La Leche League Canada

What Is in Your Breastmilk?

on April 6, 2015

Breastmilk volume varies widely, but for fully breastfed babies around four months of age, it is often 700 to 800 ml per day. It may rise later to as much as 1000 ml or more.  The nutrients present in this milk come from the diet of the mother or from her nutrient reserves.

Human breastmilk has a fairly constant composition, and is only selectively affected by the diet of the mother. One liter of milk provides about 750 calories and contains approximately the following:

  • 70 g carbohydrate
  • 46 g fat
  • 13 g protein
  • 300 mg calcium
  • 2 mg iron
  • 480 µg vitamin A
  • 0.2 mg thiamine
  • 0.4 mg riboflavin
  • 2 mg niacin
  • 40 mg vitamin C

The fat content of breastmilk varies somewhat.

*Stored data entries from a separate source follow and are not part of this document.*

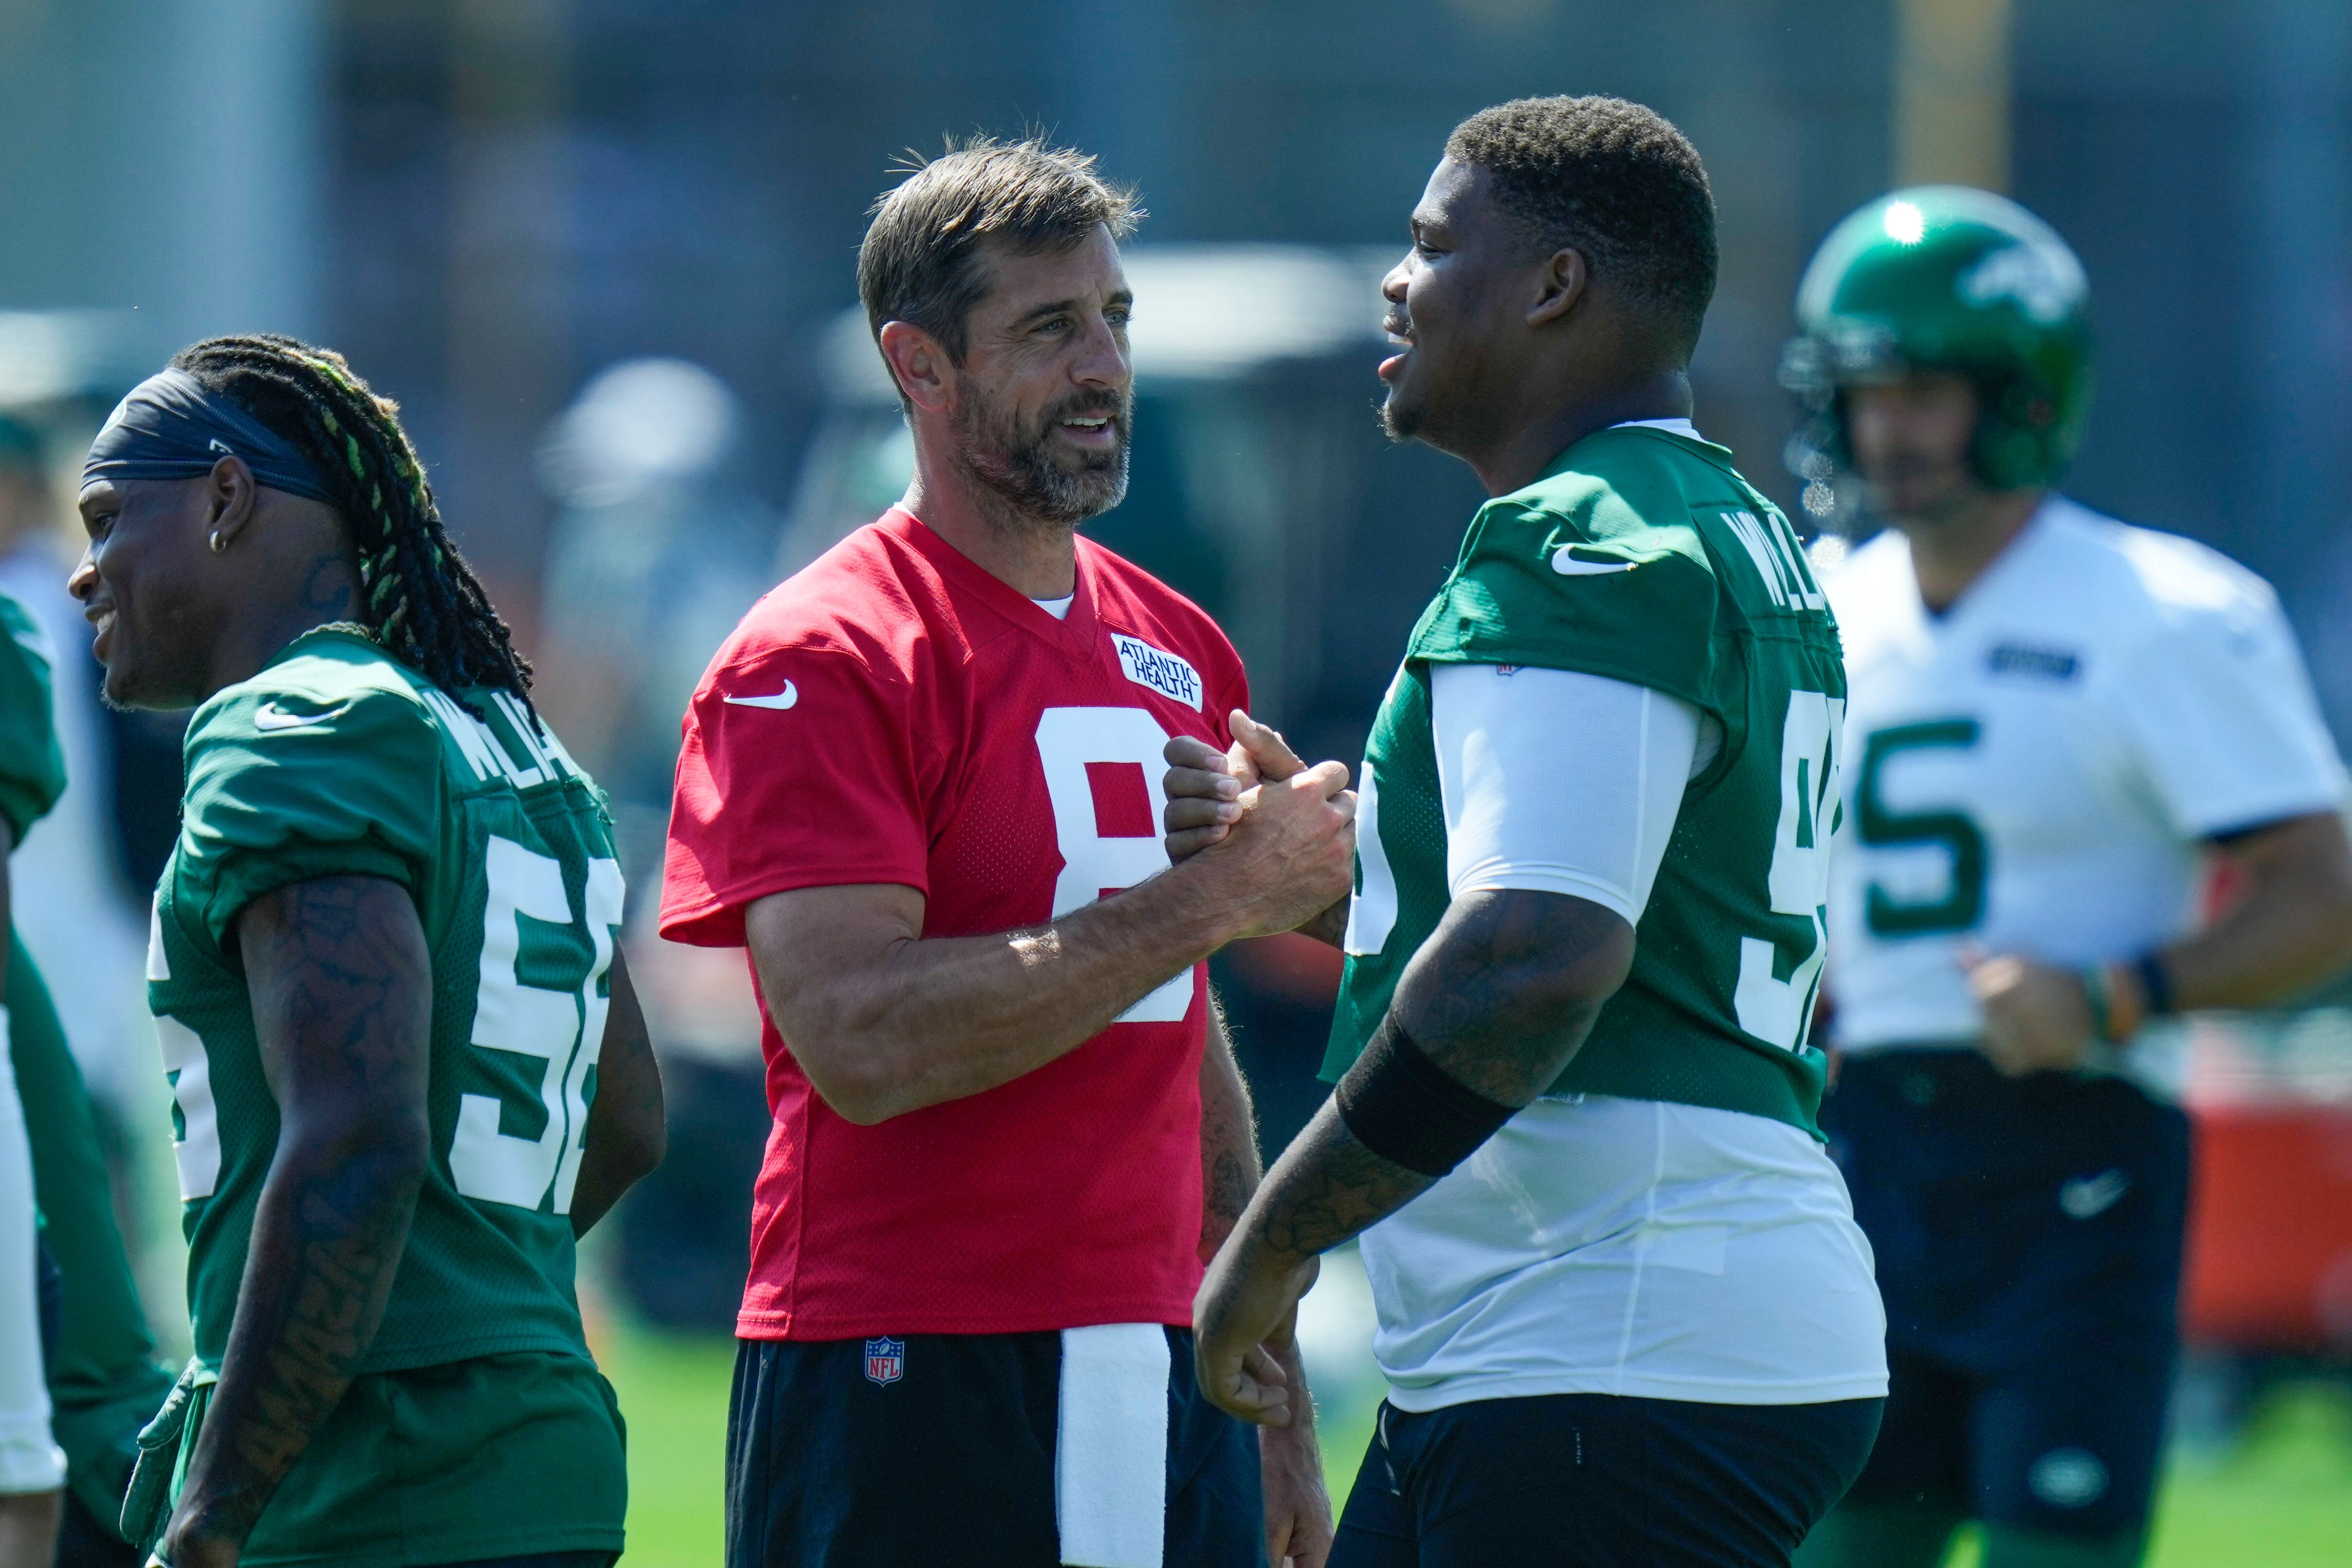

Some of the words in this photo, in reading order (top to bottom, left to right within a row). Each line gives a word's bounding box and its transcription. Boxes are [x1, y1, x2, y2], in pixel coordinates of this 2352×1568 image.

[1120, 640, 1199, 686] ATLANTIC
[1134, 659, 1194, 702] HEALTH
[1858, 719, 1987, 936] 5
[869, 1357, 899, 1380] NFL
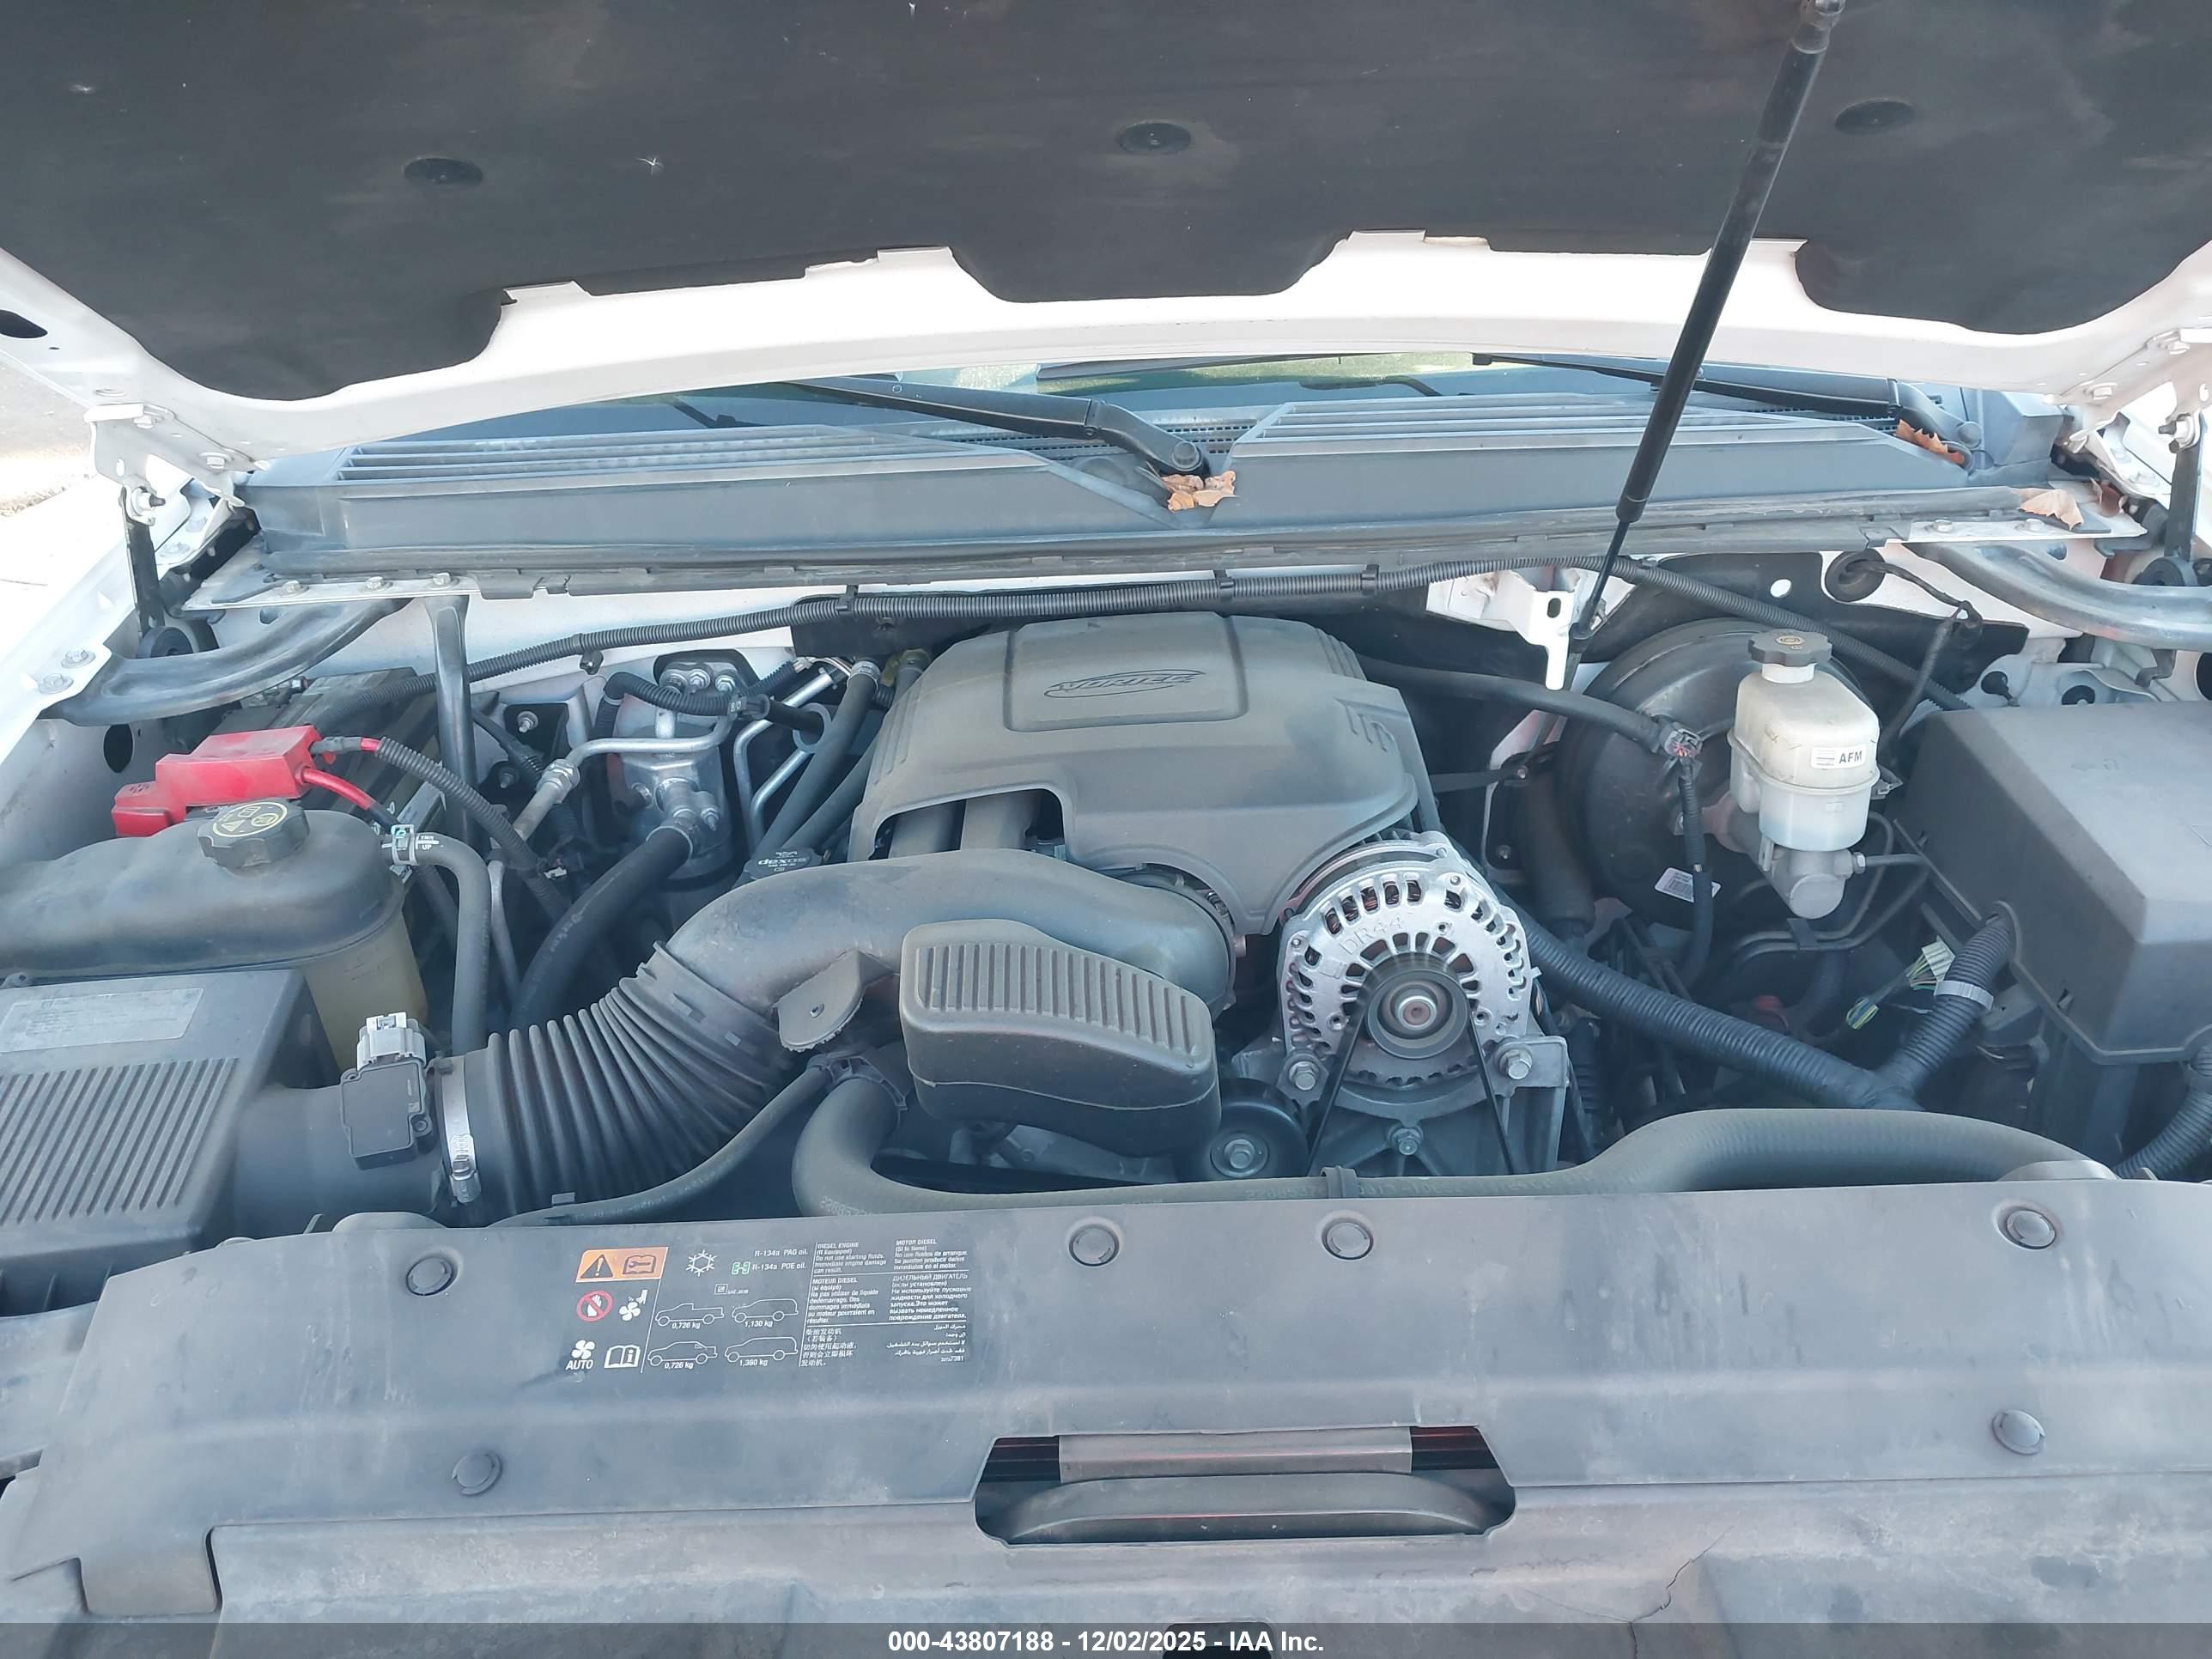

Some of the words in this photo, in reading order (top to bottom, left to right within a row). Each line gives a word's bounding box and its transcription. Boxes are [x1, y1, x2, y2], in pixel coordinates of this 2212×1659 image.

[1838, 750, 1863, 764] AFM
[565, 1359, 593, 1370] AUTO
[685, 1361, 694, 1370] kg

The carbohydrate, protein, fat, calcium and iron contents do not change much even if the mother is short of these in her diet.  A mother whose diet is deficient in thiamine and vitamins A and C, however, produces less of these in her milk.  In general, the effect of very poor nutrition on a lactating woman is to reduce the quantity rather than the quality of breastmilk.  Very few women in Canada would have a level of nutrition so poor that it would significantly affect the quality or quantity of their breastmilk.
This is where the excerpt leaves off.